When Breukink did, in fact, win, LeMond sighed.

"Oh, well, Breukink is strong, very strong," he said. "But I think Atle rode the better race overall. Breukink had an easy race. He had no pressure. He never had the yellow jersey until now. Today [yesterday], he could go out without worry and go for it. Before this race, Atle was very nervous. He rode for six days with the burden of the jersey and he rode well."

LeMond also rode well and for his efforts at the front as a "Domestique" or servant to Kvalsvoll, he earned the Most Aggressive Rider award, a fact that made LeMond laugh.

"I think it is very funny," he said, as he collected the red jersey and the inflated shark that went with the achievement. "The guy who deserves this is one of the Canadian riders, who kept attacking throughout the race.

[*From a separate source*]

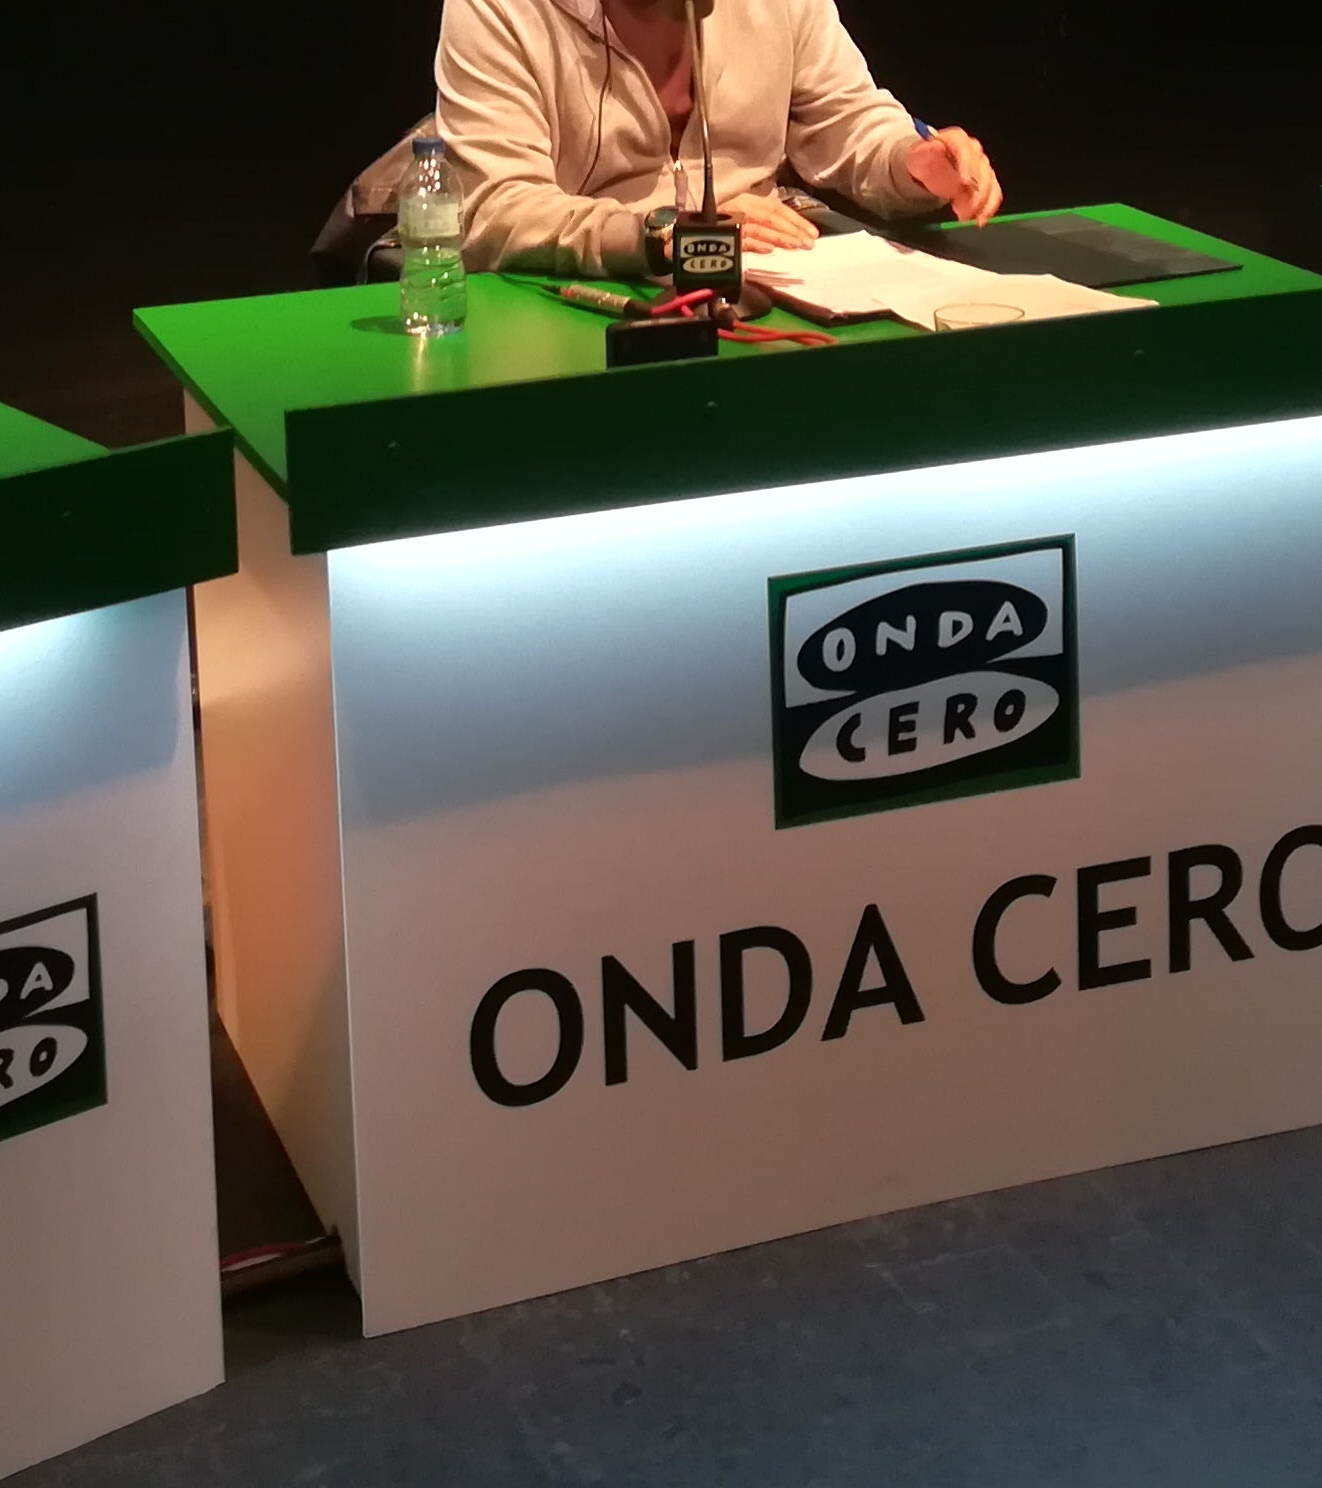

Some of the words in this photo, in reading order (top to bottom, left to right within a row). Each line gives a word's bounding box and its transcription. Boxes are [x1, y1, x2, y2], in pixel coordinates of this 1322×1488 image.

[687, 243, 727, 253] ONDA
[821, 600, 1024, 673] ONDA
[835, 688, 1027, 763] CERO
[469, 903, 925, 1108] ONDA

He's the one who made me go to the front and work hard to keep him in the pack."

* The Coors Light team, made up of American professional riders, rallied yesterday to win the overall team title and the $10,000 prize that went with it. The Coors team placed four riders in the Top 20: Alexi Grewal (fourth), Mike Engleman (eighth), Scott Moninger (13th) and Greg Oravetz (19th). Teammate Davis Phinney earned the Sprint Leader's jersey on Day 1 and kept it throughout the race.

* U.S. amateur Bobby Julich earned the Best Young Rider award with his consistent 11-day performance, which found him finishing fifth overall.

"My goal when I came to this race was to finish in the top five," said Julich, 19. "But I didn't tell anyone but my teammates because I didn't want to look like a fool . . . The biggest challenge for me was to be assertive in the peloton [pack]. I didn't want to let the pros push me around, because if I let them, they wouldn't have any respect for me. But, gosh, I have these guys' pictures on my bedroom wall. It takes a lot to say 'No, I'm going to stay in this spot.' It takes everything you've got to say that to the guys who are your heroes."